An investment firm headed by the former chief executive of lender Abbey has outlined details of its bid for troubled bank Northern Rock.
Olivant, which hopes to secure a large minority stake in the Newcastle-based lender, says it intends to retain the Northern Rock brand if successful.
In a statement today the company also confirmed it would immediately seek to repay between £10 billion and £15 billion of the cash Northern Rock has borrowed from the Bank of England on the completion of any deal.
The investment group said it would seek to repay the lender's remaining debt to the central bank, thought to total around £25 billion to date, by the end of 2009.

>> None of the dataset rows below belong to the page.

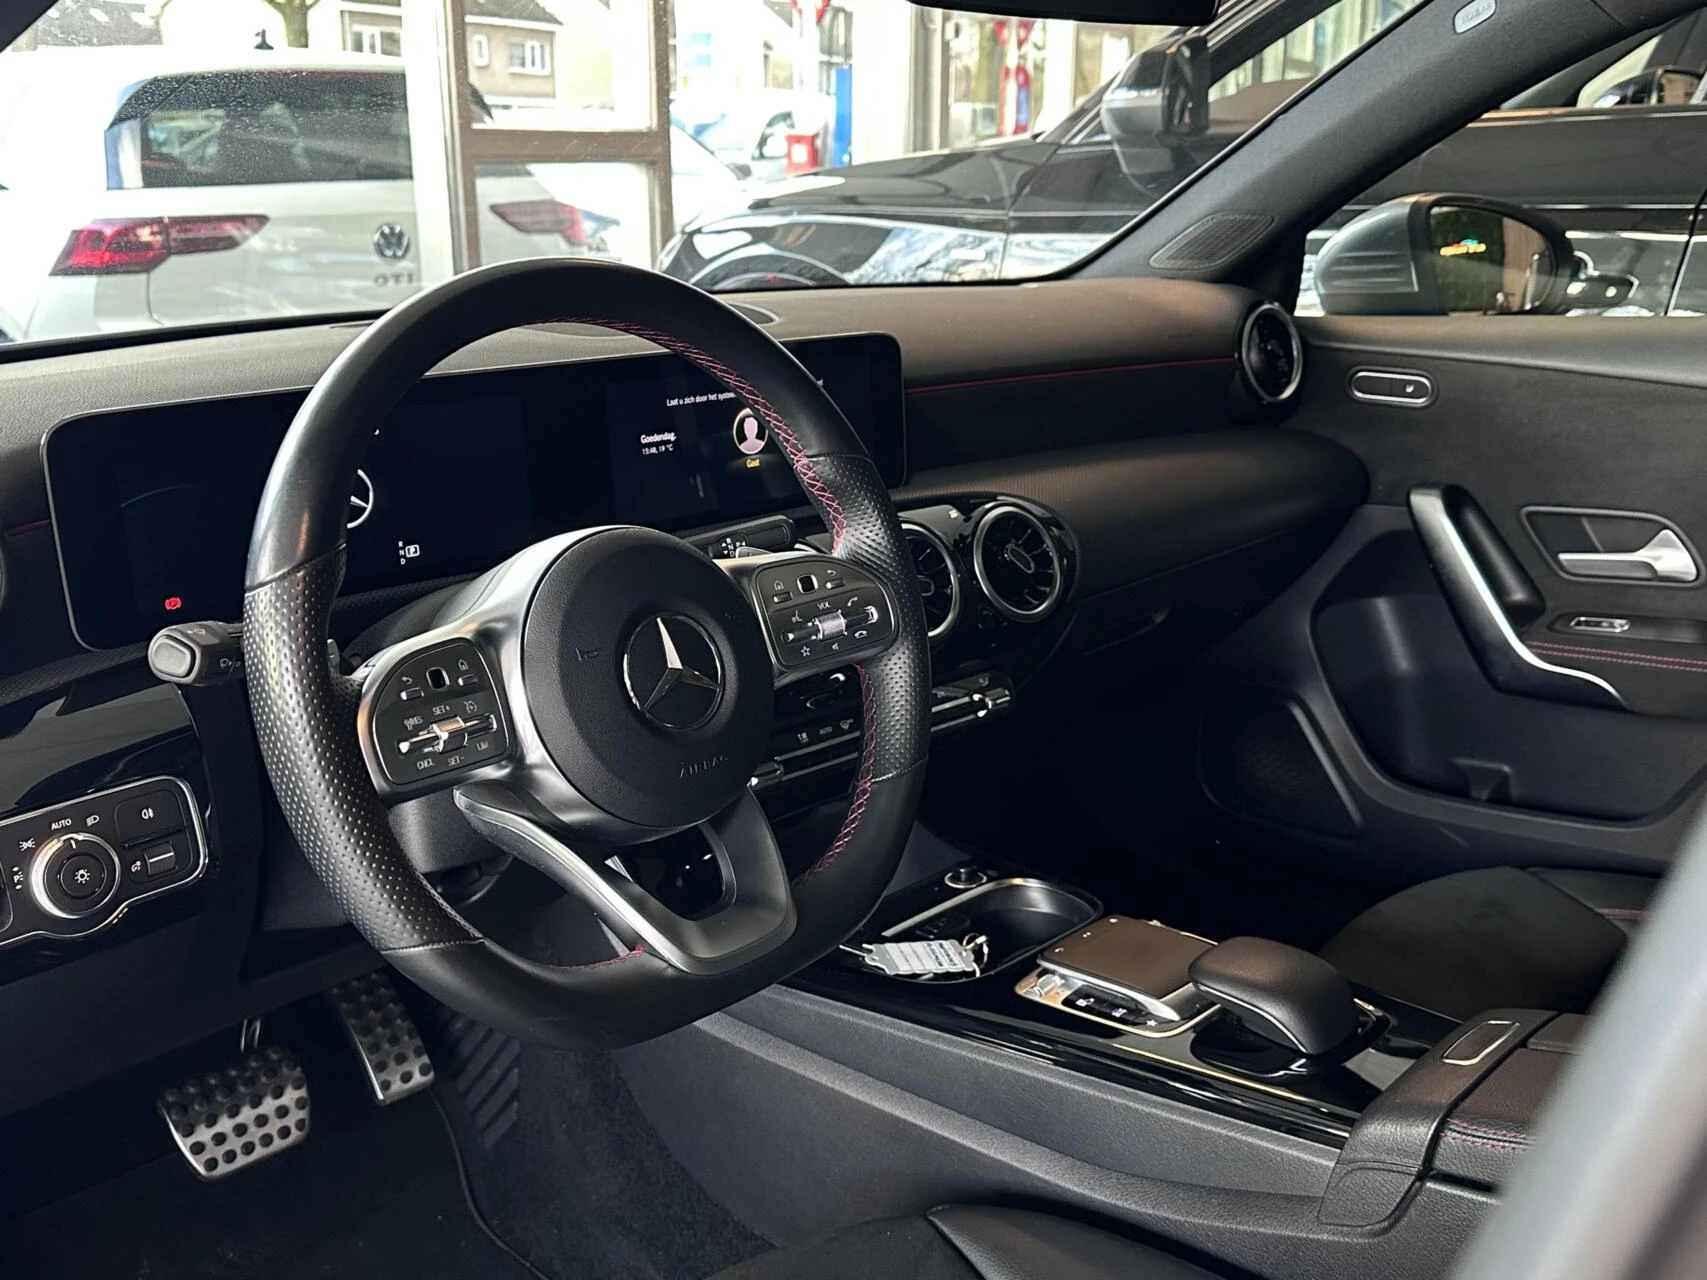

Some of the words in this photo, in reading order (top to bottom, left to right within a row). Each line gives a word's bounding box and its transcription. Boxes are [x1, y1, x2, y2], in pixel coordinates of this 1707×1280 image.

[666, 398, 679, 407] Laat
[684, 396, 695, 404] zich
[695, 395, 707, 403] door
[708, 393, 717, 401] het
[51, 818, 72, 831] AUTO

Northern Rock was forced to borrow emergency cash from the Bank of England in September, after being unable to secure funds on the wholesale money markets due to a global credit crunch. The move prompted the first run on a British bank in almost 150 years.

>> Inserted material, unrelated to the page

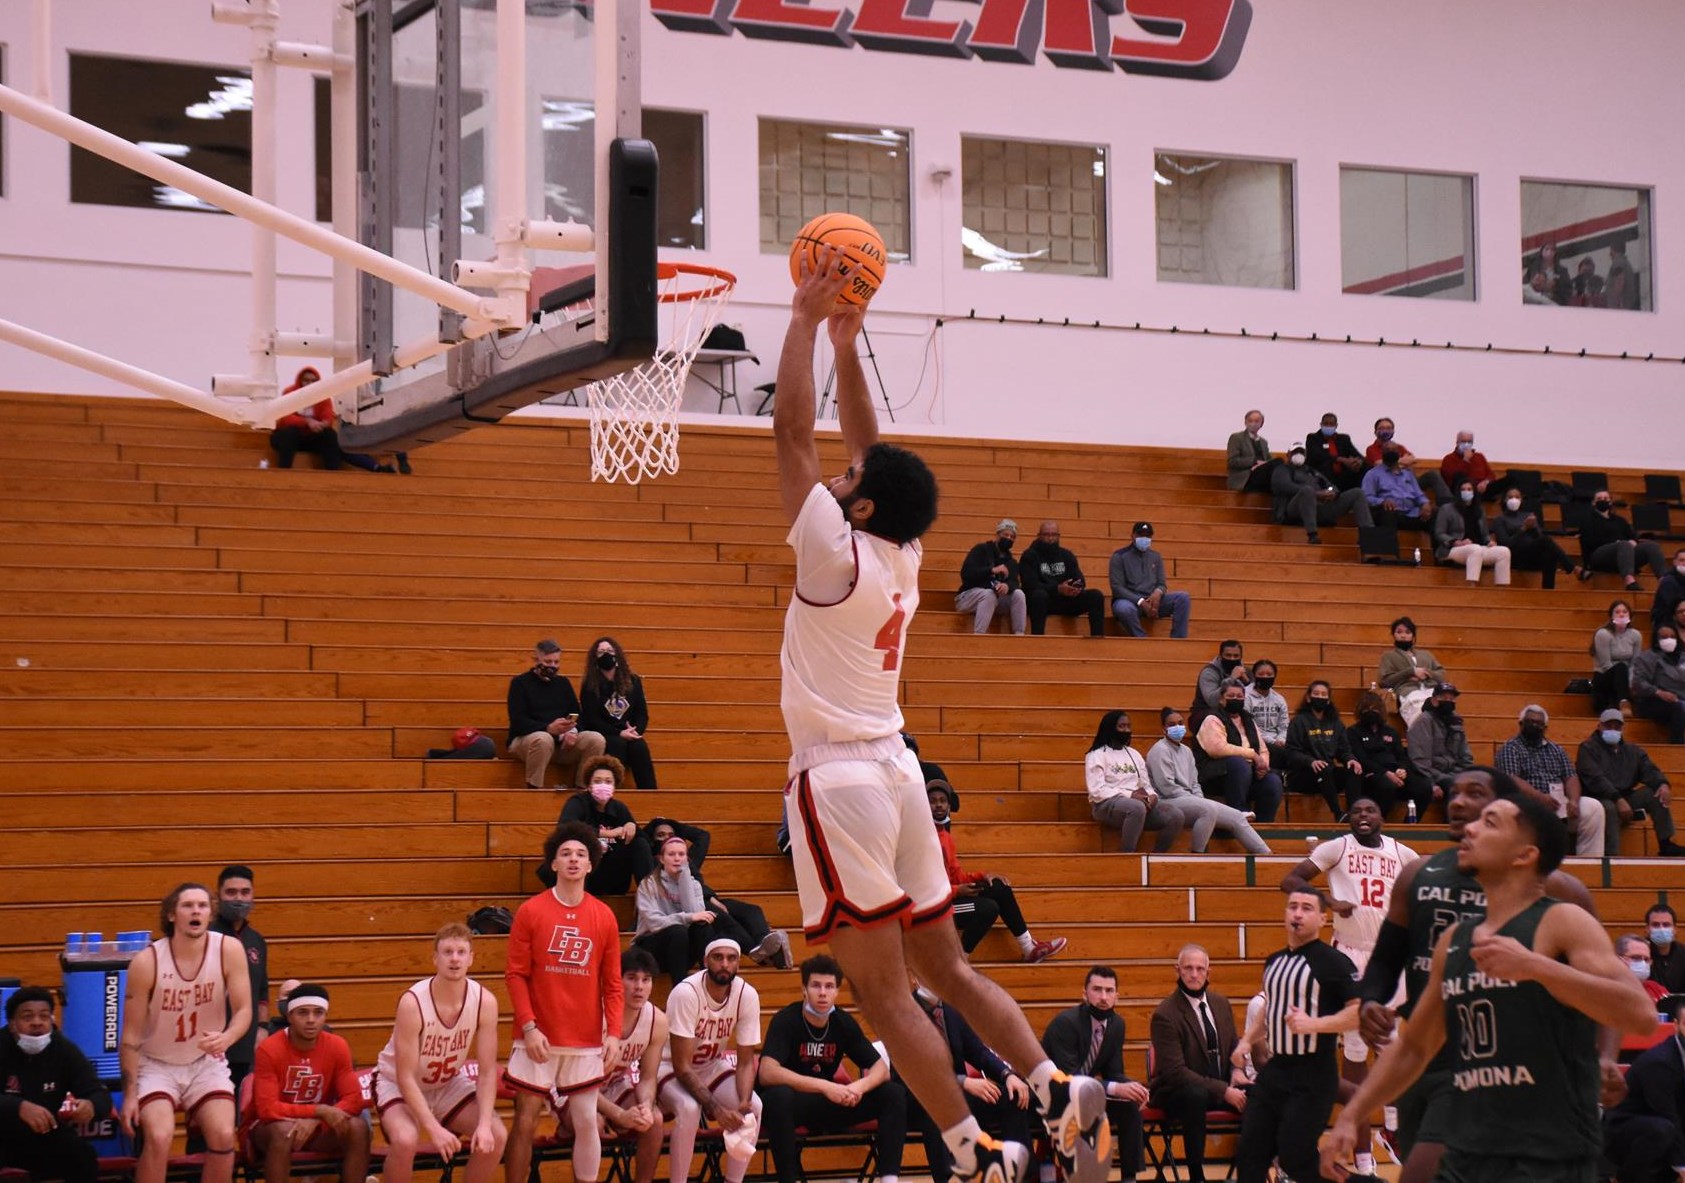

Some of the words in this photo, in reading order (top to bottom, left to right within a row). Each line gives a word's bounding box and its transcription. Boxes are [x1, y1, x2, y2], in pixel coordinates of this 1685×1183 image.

A consortium led by Sir Richard Branson's Virgin Group, which has been named as Northern Rock's preferred bidder, has said it will immediately repay £11 billion of the cash borrowed by Northern Rock if its own takeover offer is successful.
Under the Virgin bid, which has been dubbed too low by some Northern Rock shareholders, the bank's brand would be brought within the existing Virgin Money business and a fresh management team put in place.
Olivant says it would also restructure the company, seconding its chairman and veteran troubleshooter Luqman Arnold to Northern Rock's board and placing the lender under his leadership, if its approach were successful.
Mr Arnold is recognised in the City as having turned around the fortunes of high street bank Abbey before it was sold to Spain's Banco Santander in 2004.
The bid put forward by his current company also involves plans for Northern Rock to raise up to £800 million through a rights issue and an equity subscription by Olivant.
Commenting on the bid, Mr Arnold said: "It is time for all stakeholders to work together to ensure prompt and full repayment of the Bank of England facility and to set Northern Rock back on course for a successful and independent future."
Meanwhile separate reports claim another of Northern Rock's suitors has withdrawn from the race to secure the bank.
US private equity firm JC Flowers has written to the Treasury to confirm its decision, according to the Financial Times and the Daily Telegraph. It is claimed the company pulled out of the bidding process after being unable to agree a deal acceptable to it and the government, with taxpayers' cash currently propping up Northern Rock.